> TASK DATA
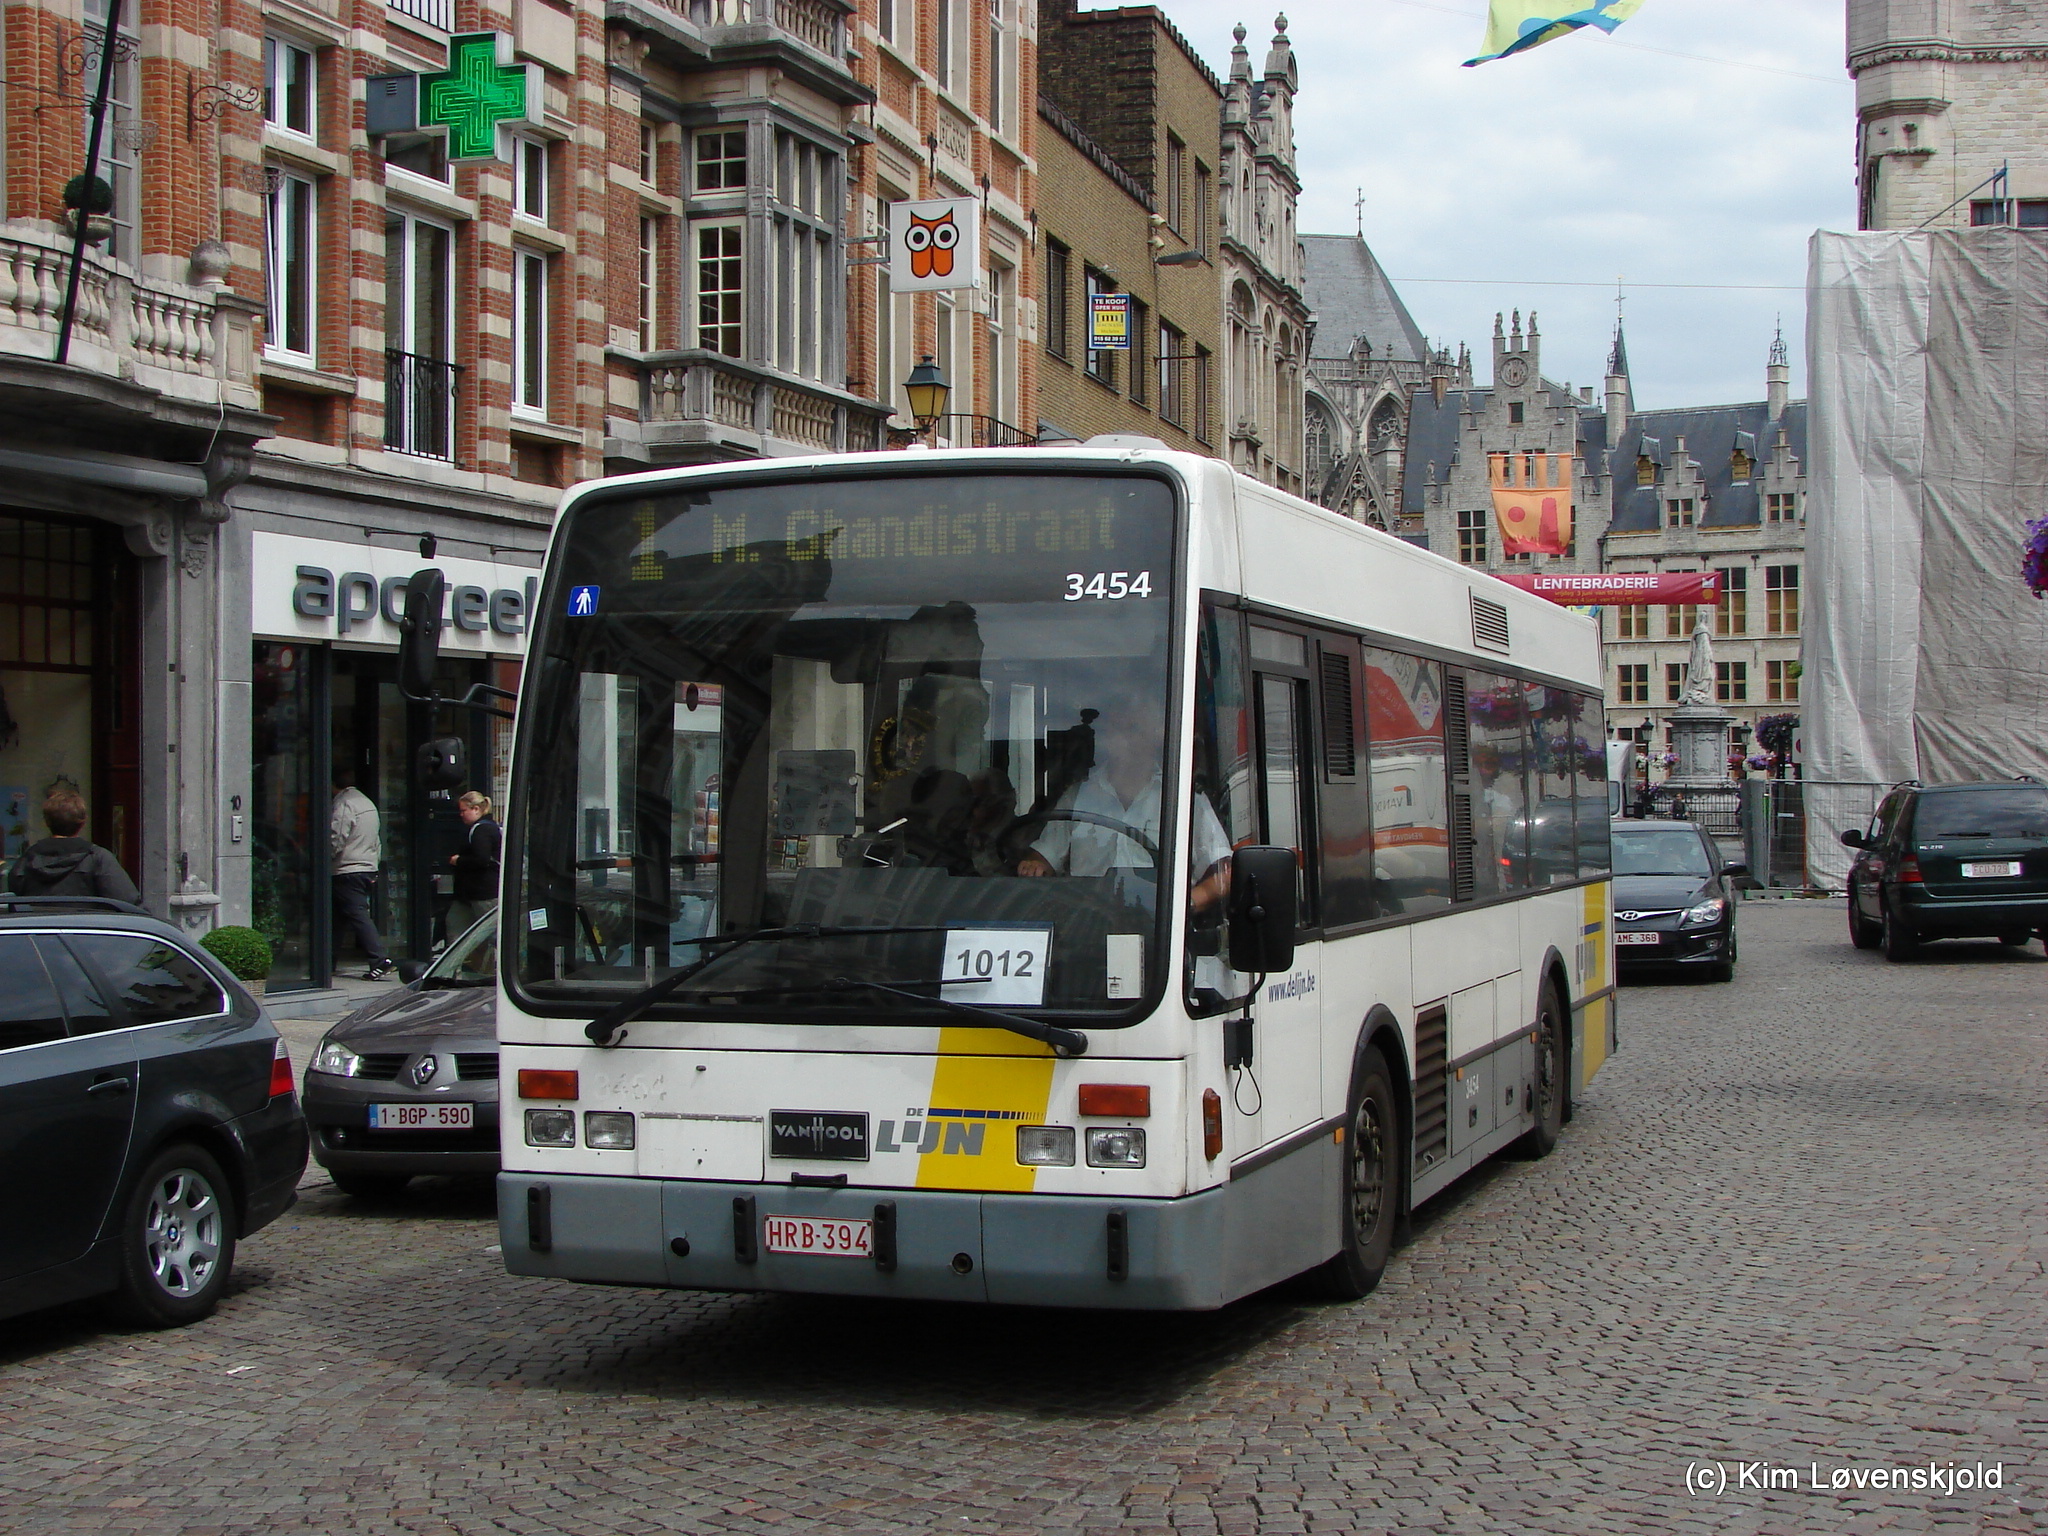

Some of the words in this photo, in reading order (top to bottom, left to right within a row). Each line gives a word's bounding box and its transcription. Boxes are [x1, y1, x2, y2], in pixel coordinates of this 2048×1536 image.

[631, 505, 664, 581] 1
[713, 511, 761, 564] M.
[786, 497, 1117, 562] Ghandistraat
[1063, 570, 1153, 601] 3454
[1533, 577, 1659, 590] LENTEBRADERIE
[230, 795, 242, 811] 10
[957, 949, 1034, 978] 1012
[1268, 969, 1316, 1003] www.delijn.be
[1465, 1074, 1479, 1099] 3454
[381, 1107, 470, 1125] 1-BGP-590
[906, 1107, 924, 1117] DE
[875, 1120, 986, 1156] LIJN
[769, 1221, 868, 1251] HRB-394
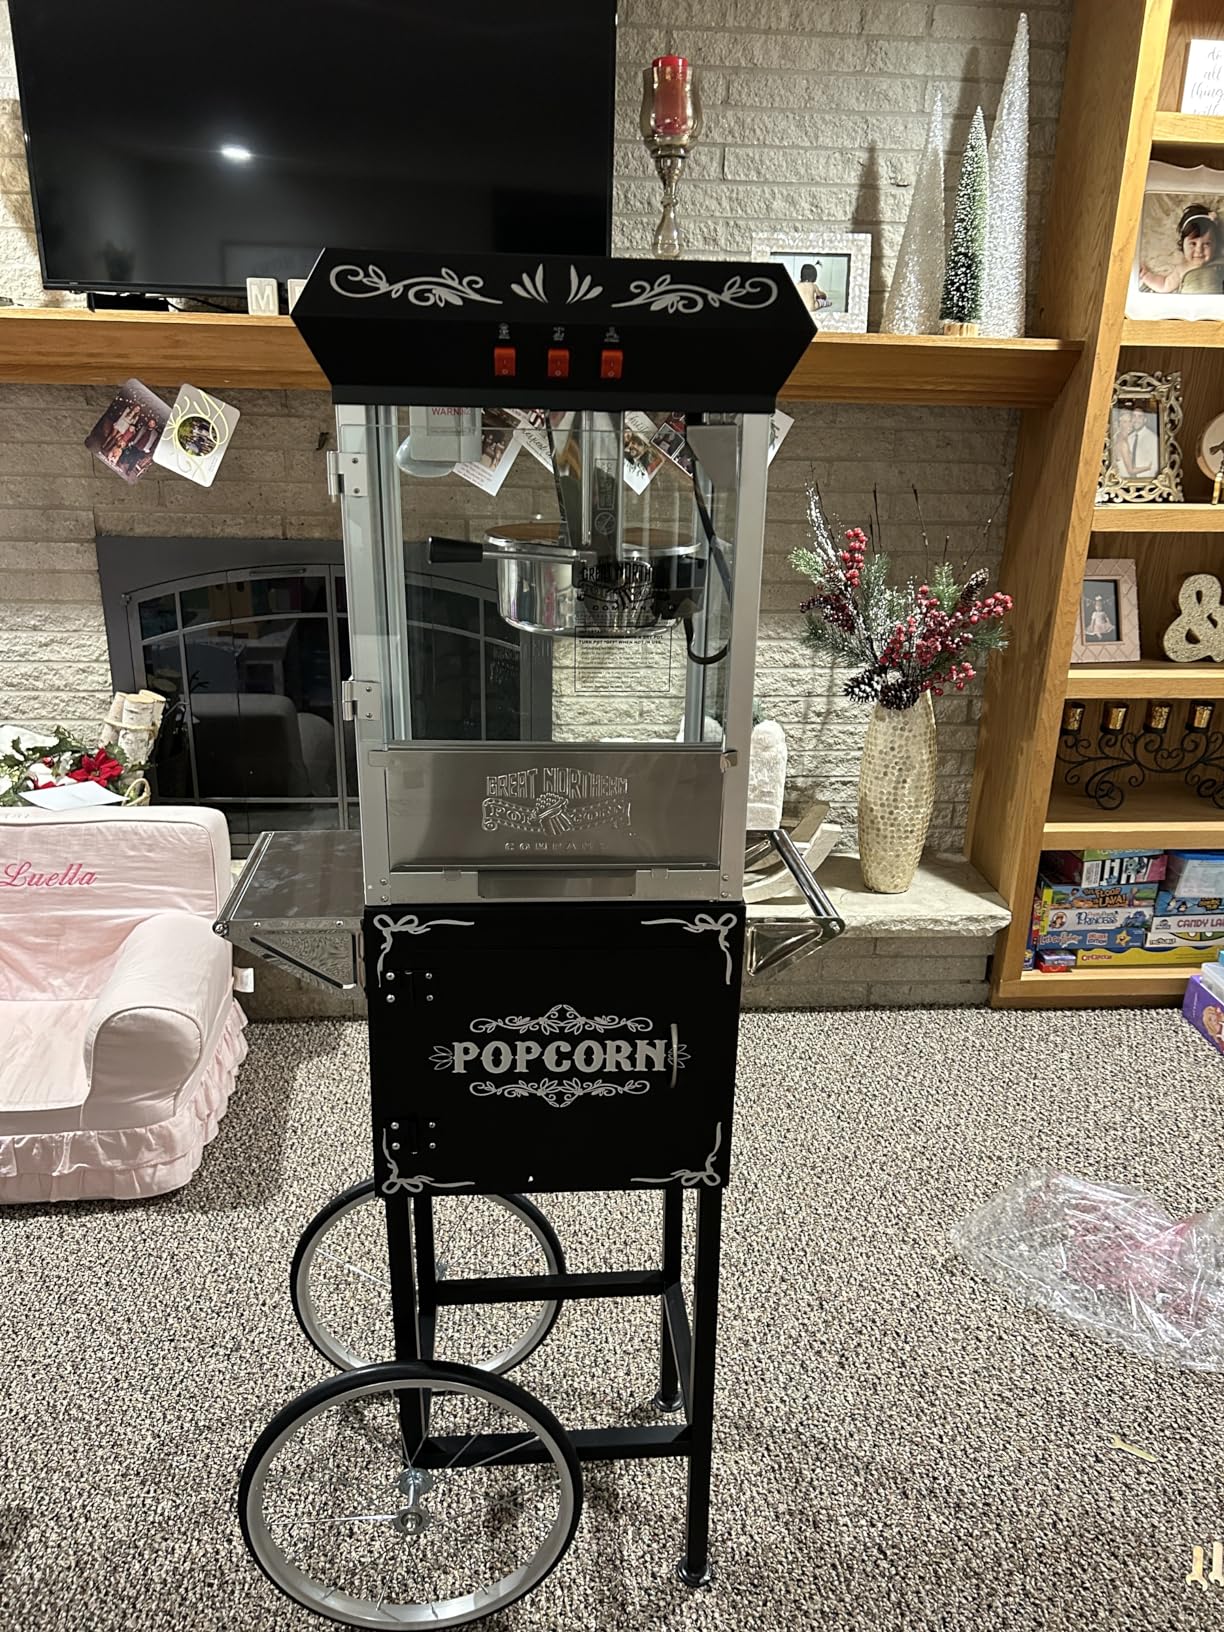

> TASK PROMPT
Exclude the pictures, and transcribe all of the material exactly.

> TASK ANSWER
Some of the words in this photo, in reading order (top to bottom, left to right within a row). Each line gives a word's bounding box and its transcription. Boxes are [x1, y1, x2, y2], in pixel coordinates of this 2048×1536 image.

[631, 505, 664, 581] 1
[713, 511, 761, 564] M.
[786, 497, 1117, 562] Ghandistraat
[1063, 570, 1153, 601] 3454
[1533, 577, 1659, 590] LENTEBRADERIE
[230, 795, 242, 811] 10
[957, 949, 1034, 978] 1012
[1268, 969, 1316, 1003] www.delijn.be
[1465, 1074, 1479, 1099] 3454
[381, 1107, 470, 1125] 1-BGP-590
[906, 1107, 924, 1117] DE
[875, 1120, 986, 1156] LIJN
[769, 1221, 868, 1251] HRB-394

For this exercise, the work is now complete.